Exercise:
This calls for a verbatim copy of all the data, with no images carried over.

[[ Exercise materials, beginning ]]

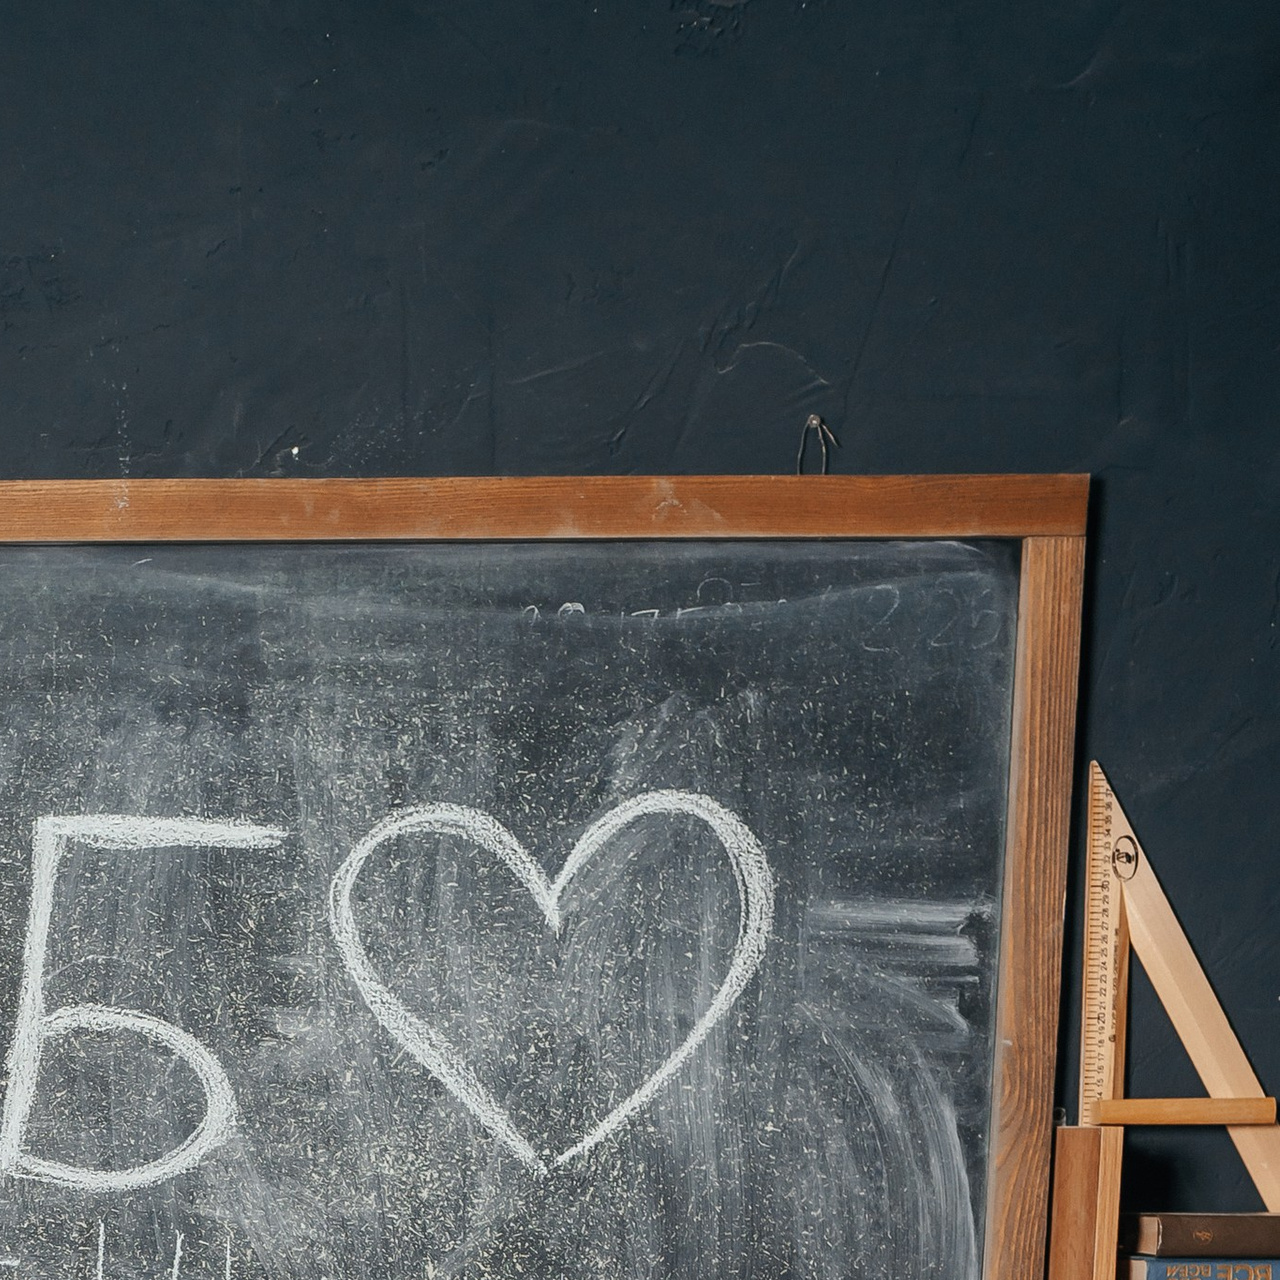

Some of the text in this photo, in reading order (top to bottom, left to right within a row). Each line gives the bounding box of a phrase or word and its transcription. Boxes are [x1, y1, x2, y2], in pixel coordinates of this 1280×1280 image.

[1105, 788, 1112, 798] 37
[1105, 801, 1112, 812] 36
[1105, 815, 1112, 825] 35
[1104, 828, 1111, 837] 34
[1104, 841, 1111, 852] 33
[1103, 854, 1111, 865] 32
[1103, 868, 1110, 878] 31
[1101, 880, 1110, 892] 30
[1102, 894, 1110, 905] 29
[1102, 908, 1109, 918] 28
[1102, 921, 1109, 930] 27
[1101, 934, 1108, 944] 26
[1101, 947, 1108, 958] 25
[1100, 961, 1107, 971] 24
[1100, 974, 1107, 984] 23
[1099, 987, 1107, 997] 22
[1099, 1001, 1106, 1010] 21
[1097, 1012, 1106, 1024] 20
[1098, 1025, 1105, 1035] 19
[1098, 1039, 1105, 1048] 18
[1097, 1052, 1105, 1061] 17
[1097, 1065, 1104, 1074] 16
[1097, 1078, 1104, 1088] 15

[[ Exercise materials, end ]]

Written response:
Some of the text in this photo, in reading order (top to bottom, left to right within a row). Each line gives the bounding box of a phrase or word and its transcription. Boxes are [x1, y1, x2, y2], in pixel coordinates of this 1280×1280 image.

[1105, 788, 1112, 798] 37
[1105, 801, 1112, 812] 36
[1105, 815, 1112, 825] 35
[1104, 828, 1111, 837] 34
[1104, 841, 1111, 852] 33
[1103, 854, 1111, 865] 32
[1103, 868, 1110, 878] 31
[1101, 880, 1110, 892] 30
[1102, 894, 1110, 905] 29
[1102, 908, 1109, 918] 28
[1102, 921, 1109, 930] 27
[1101, 934, 1108, 944] 26
[1101, 947, 1108, 958] 25
[1100, 961, 1107, 971] 24
[1100, 974, 1107, 984] 23
[1099, 987, 1107, 997] 22
[1099, 1001, 1106, 1010] 21
[1097, 1012, 1106, 1024] 20
[1098, 1025, 1105, 1035] 19
[1098, 1039, 1105, 1048] 18
[1097, 1052, 1105, 1061] 17
[1097, 1065, 1104, 1074] 16
[1097, 1078, 1104, 1088] 15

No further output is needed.